A multidisciplinary effort that emanates from the fusion of the fields of Applied Physics and Materials Science Engineering, to fabricate, test and evaluate state-of-the-art phononic materials and structures that will shield vibrations in multi-scale applications ranging from ultrasonics to earthquake disturbances. Materials by design that rely on the physics of classical spectral-gap materials do have technological advantages over conventional dampers and filters, the most important of which is scalability. To facilitate the structural shielding of sound and vibrations via phononic metamaterials, one can definitely provide the means for efficient industrial and environmental noise reduction, aerospace damping, mechanical stability for precision tools, earthquake and tsunami protection. Thus, phononic metamaterials operating as vibrational mirrors, either functioning independently or in conjunction with each other, would filter out disturbing or dangerous large-scale wave profiles that usually compromise the structural integrity of constructions, proving their usefulness for the world of 21st century.

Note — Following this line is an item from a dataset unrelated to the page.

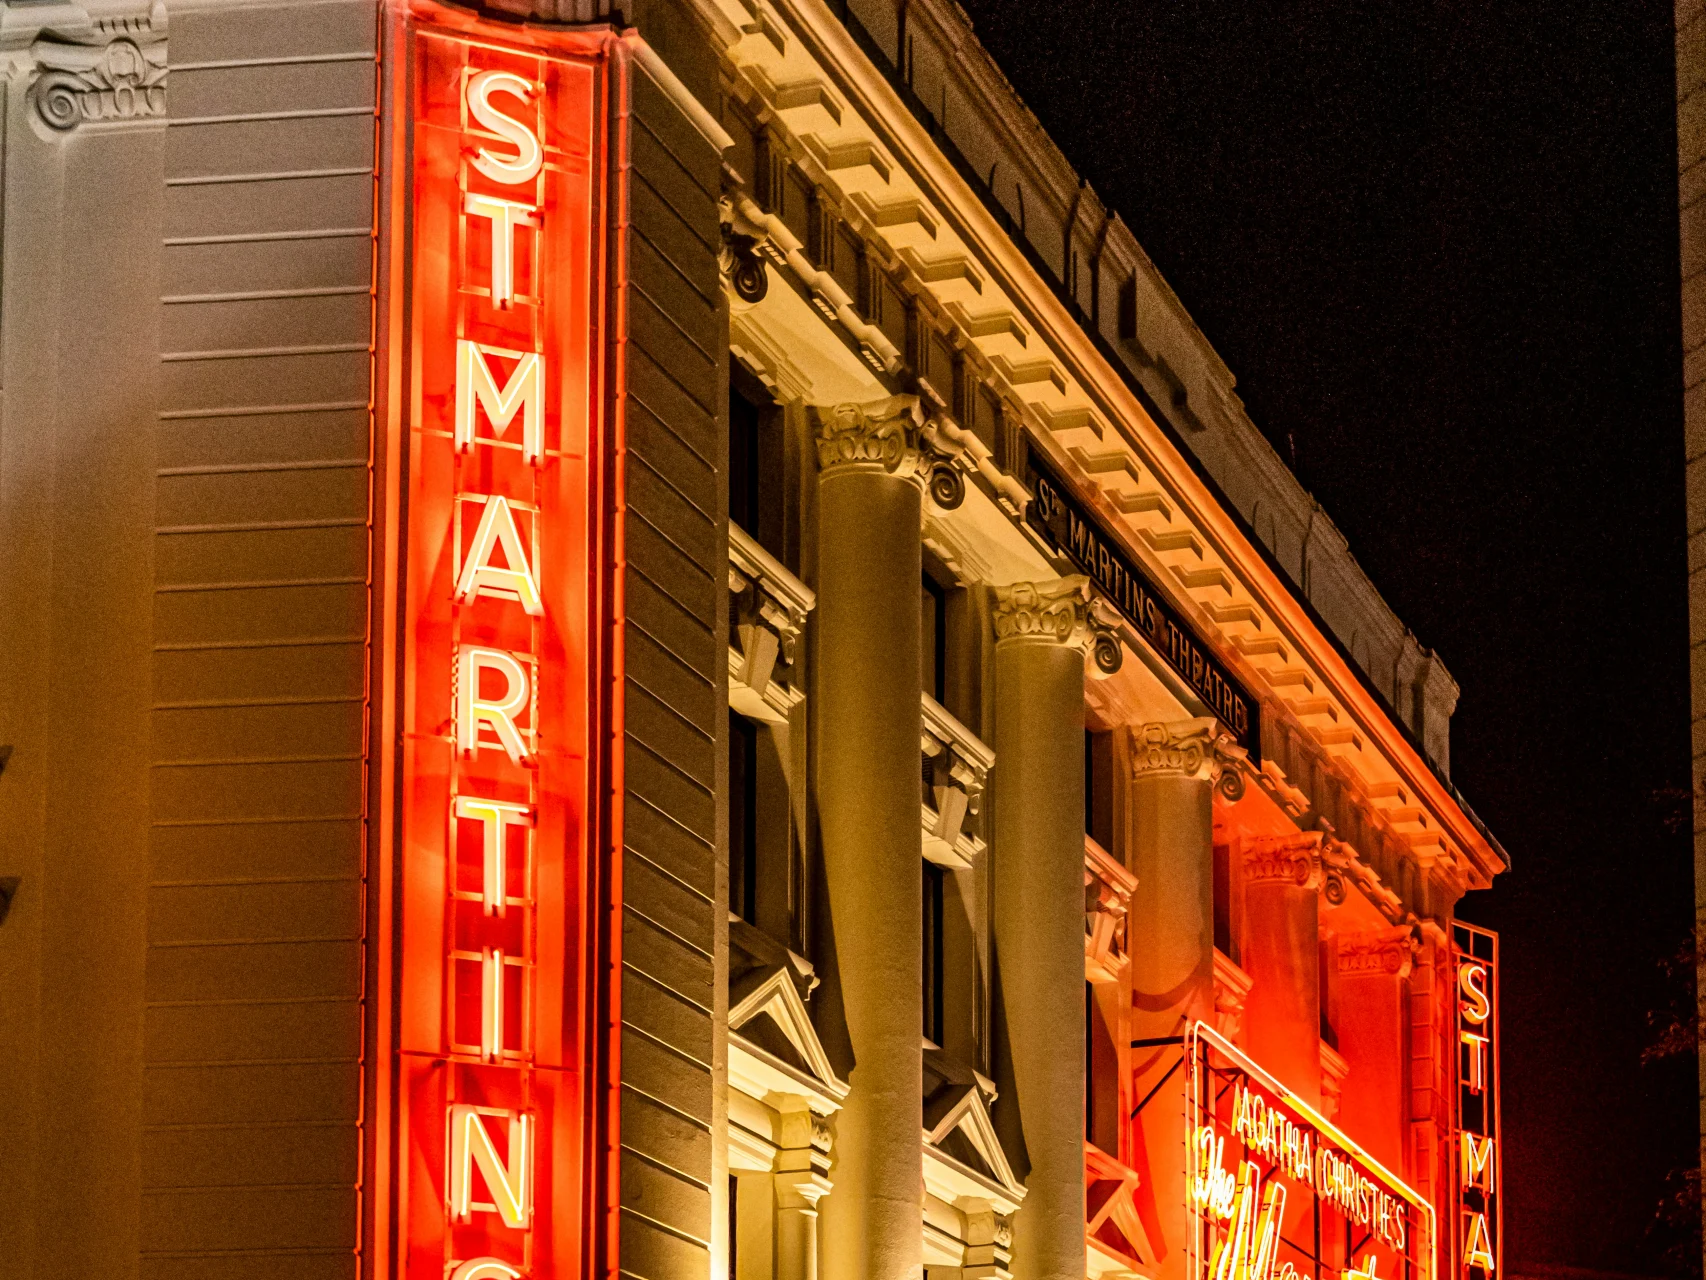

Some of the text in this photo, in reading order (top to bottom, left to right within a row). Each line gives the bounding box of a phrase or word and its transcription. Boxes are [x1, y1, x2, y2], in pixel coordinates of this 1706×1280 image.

[1167, 620, 1247, 732] THEATRE
[1191, 1126, 1236, 1220] The
[1234, 1086, 1405, 1250] AGATHA CHRISTIE'S

Unique, cutting edge metamaterials, will be fabricated under the proposed work displaying exciting properties. We will develop new devices able to shield objects from ultrasound and vibration and, most importantly, we will manufacture new structures that enable perfect shielding of constructions from the devastating effects of earthquakes. These new metamaterials will be developed based on the physical picture of the layer-multiple-scattering method (LMS). LMS analysis will drive the engineering of phononic structures with desired properties. Fabrication of real phononic crystal specimens is an indispensable part in this work since it will enable experimental verification of modelled phononic structures.

Finally, to optimize/engineer phononic frequency stop-bands (frequency shields), we will proceed as follows:

  1. Material moderate damping is an promising tool in further engineering phononic structures to comply with specific needs in complex situations where disturbing localized modes appear inside the gaps.

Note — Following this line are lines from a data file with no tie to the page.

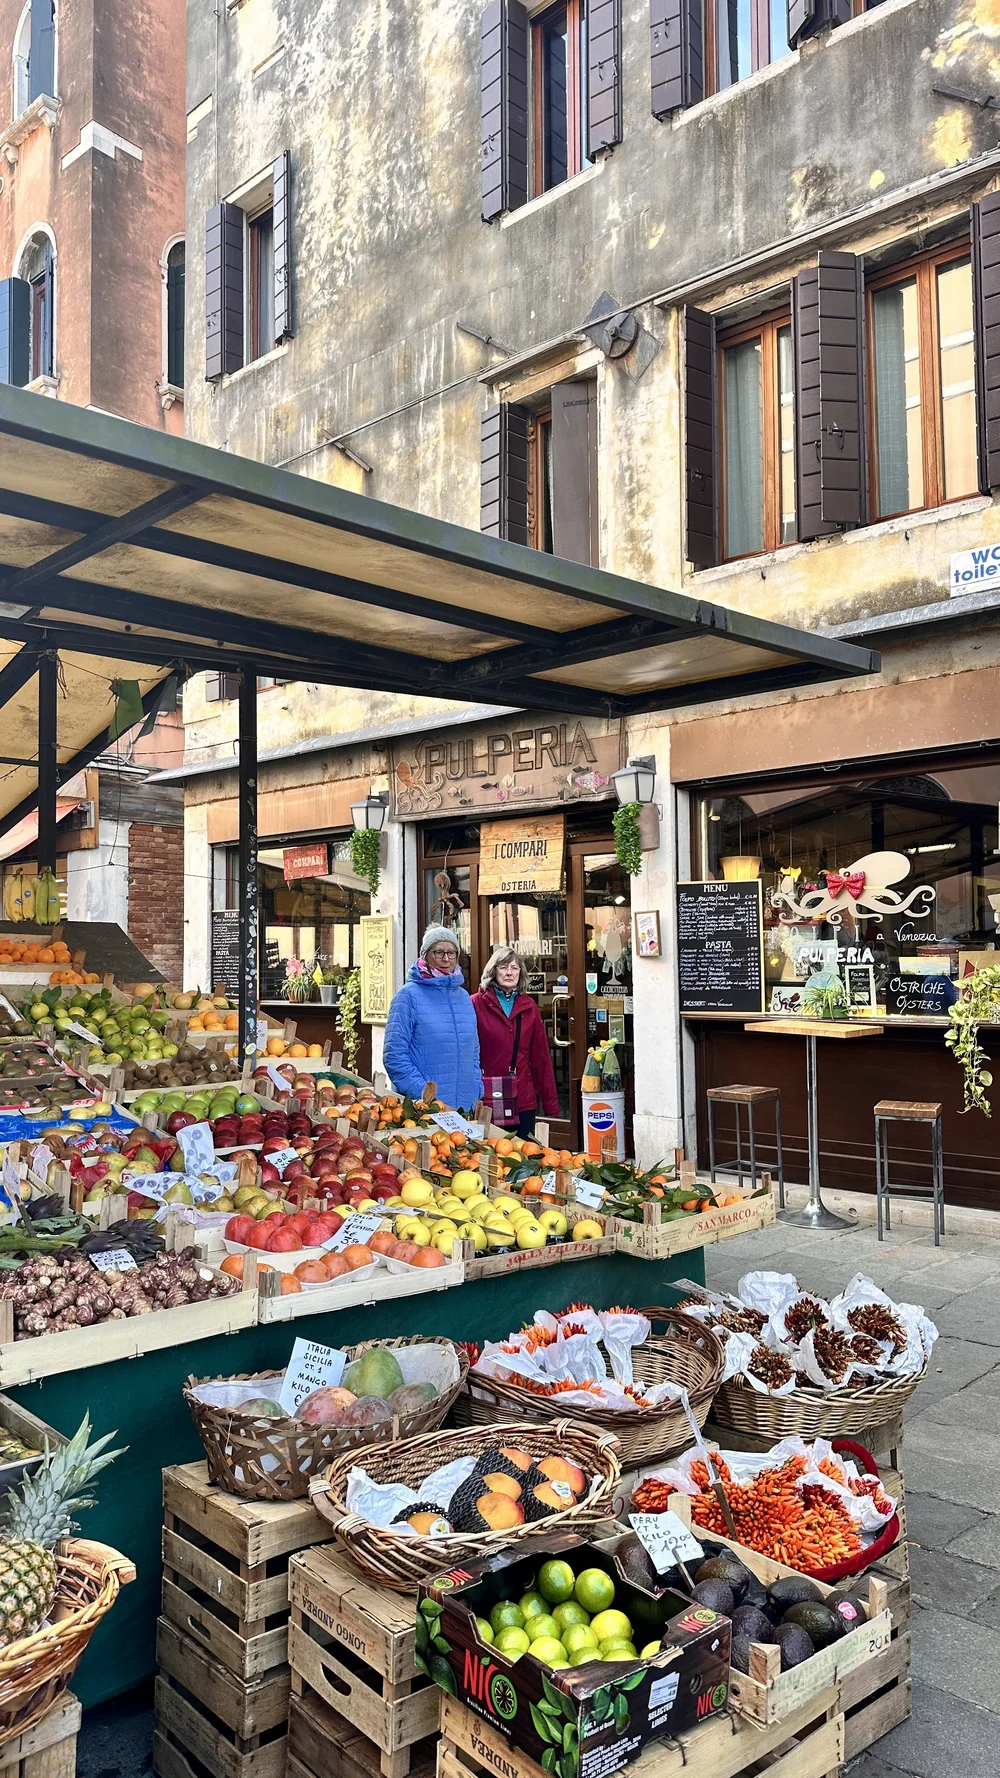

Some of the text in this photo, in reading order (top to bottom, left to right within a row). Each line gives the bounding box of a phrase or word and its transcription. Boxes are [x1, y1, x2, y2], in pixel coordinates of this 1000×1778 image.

[953, 563, 1000, 583] toile
[424, 720, 598, 785] PULPERIA
[500, 839, 548, 860] COMPARI
[293, 855, 324, 869] COMPARI
[501, 880, 537, 892] OSTERIA
[703, 884, 729, 893] MENU
[893, 921, 948, 942] Venezia
[705, 940, 732, 950] PASTA
[797, 947, 875, 963] PULPERIA
[889, 976, 946, 995] OSTRICHE
[896, 995, 942, 1014] OYSTERS
[587, 1111, 615, 1120] PEPSI
[697, 1217, 716, 1232] SAN
[718, 1208, 751, 1225] MARCO
[506, 1243, 593, 1268] JOLLY FRUTTA
[307, 1343, 332, 1356] ITALIA
[303, 1352, 333, 1367] SICILIA
[291, 1381, 311, 1394] KILO
[297, 1372, 327, 1387] MANGO
[294, 1394, 302, 1408] €
[632, 1516, 659, 1525] PERU
[636, 1525, 649, 1534] CT
[641, 1529, 671, 1543] KILO
[302, 1595, 335, 1629] ANDREA
[336, 1623, 367, 1656] LONGO
[463, 1647, 518, 1720] NICO
[696, 1684, 727, 1718] NICO
[648, 1701, 674, 1721] SELECTED
[470, 1732, 519, 1778] ANDREA
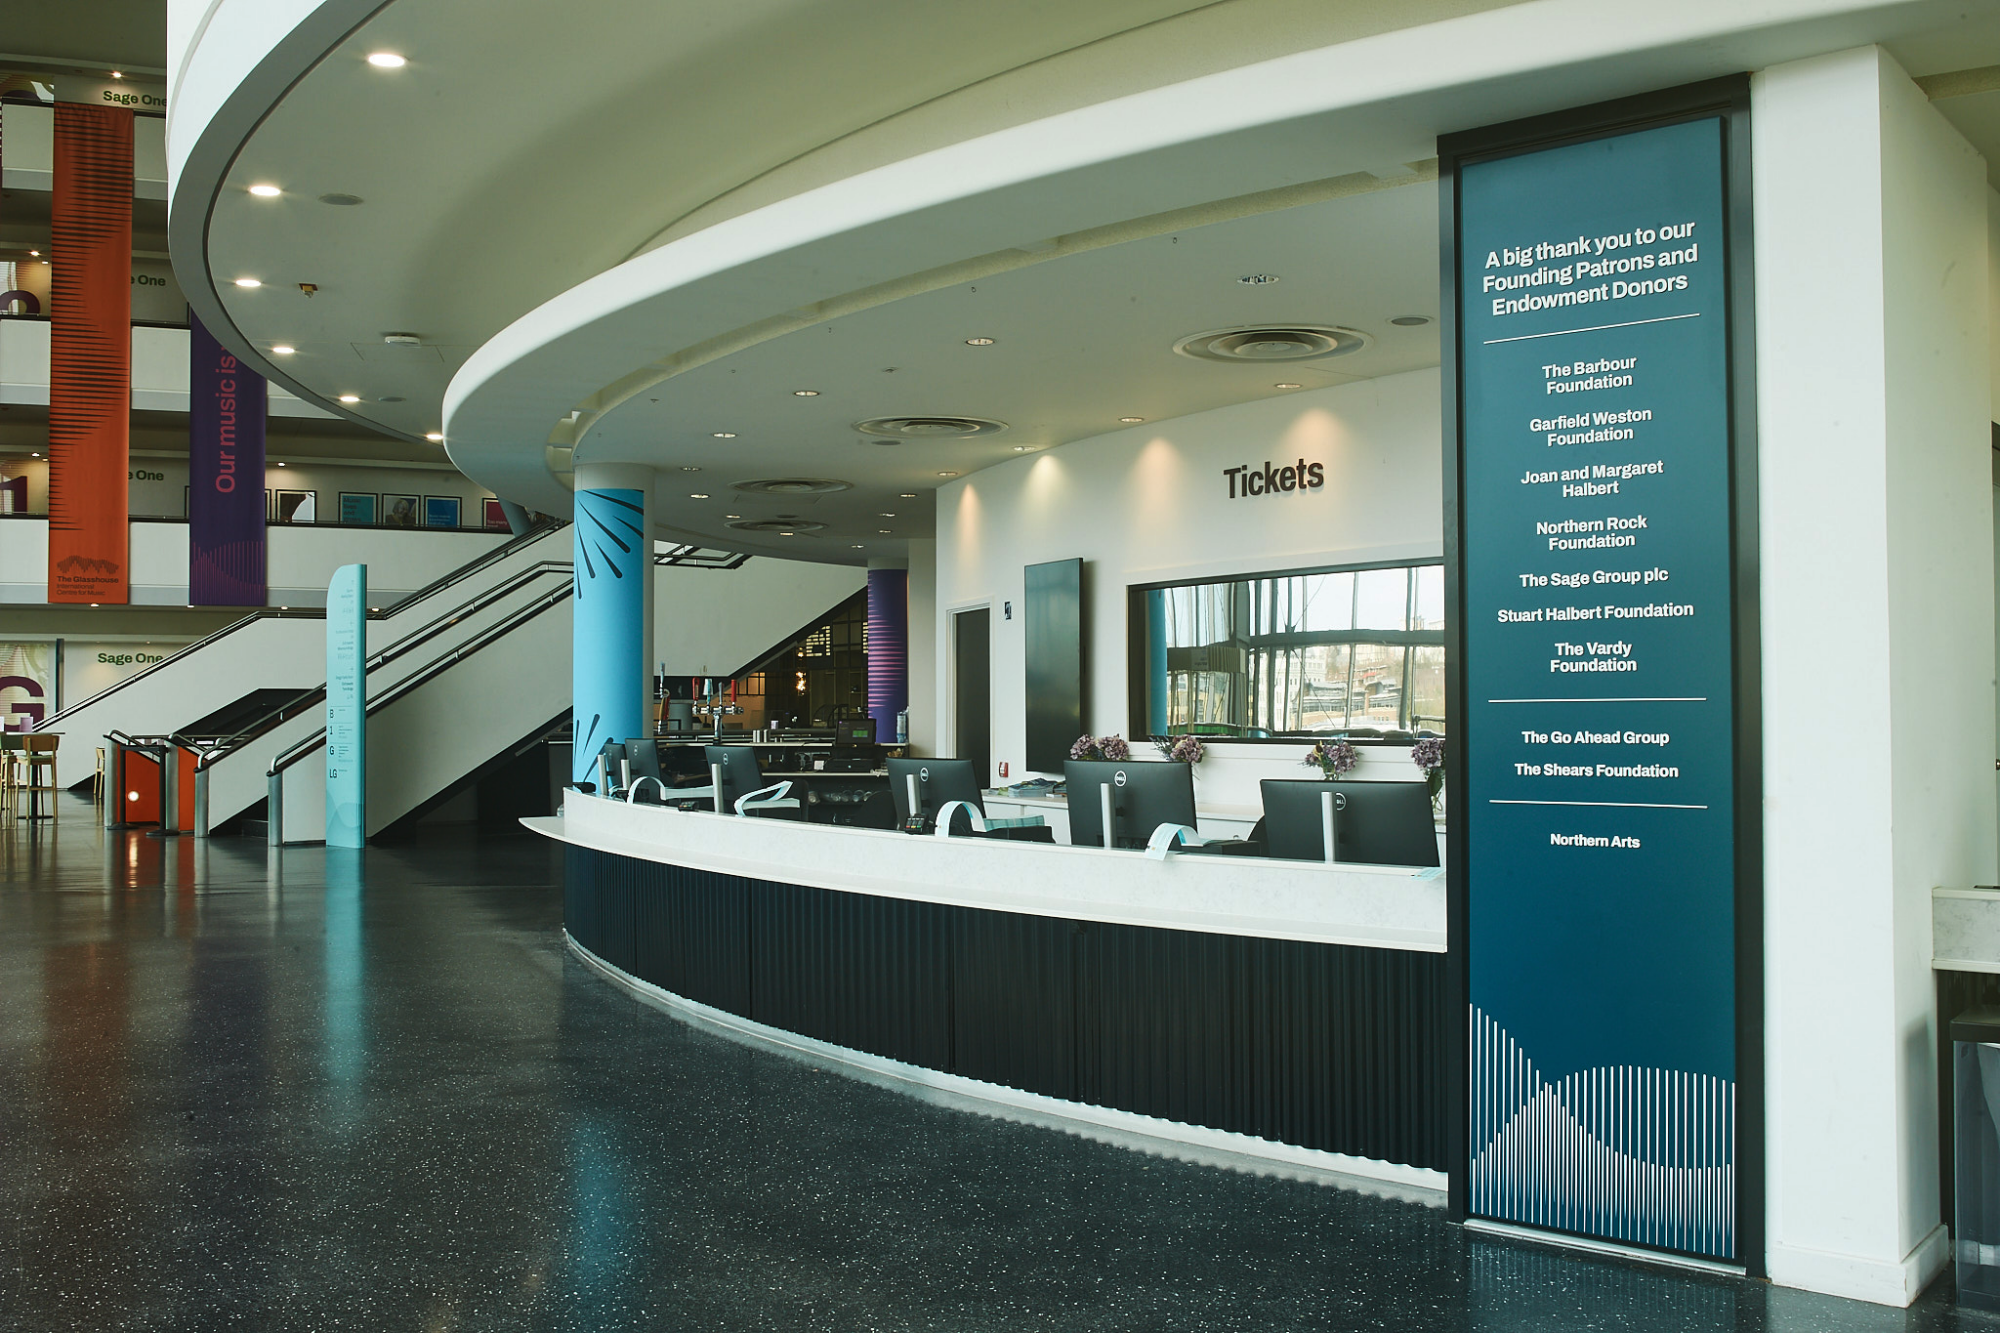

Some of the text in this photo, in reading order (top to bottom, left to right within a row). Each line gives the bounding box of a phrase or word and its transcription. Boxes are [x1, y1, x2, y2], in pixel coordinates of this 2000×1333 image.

  2.  Moderate size disorder (Anderson localization of elastic waves) in the building units of a phononic system results in extreme widening of transmission gaps. 
  3. Versatile phononic slabs which are gradient layered heterostructures that can improve the gap width up to 200%, provided the width of the slab is appropriately fabricated to eliminate tunnelling. 
  4. Highly nonlinear phononic granular media can assist for shock energy trapping, redirection and dissipation, as well as phononic defects built to allow only weak energy acoustic modes.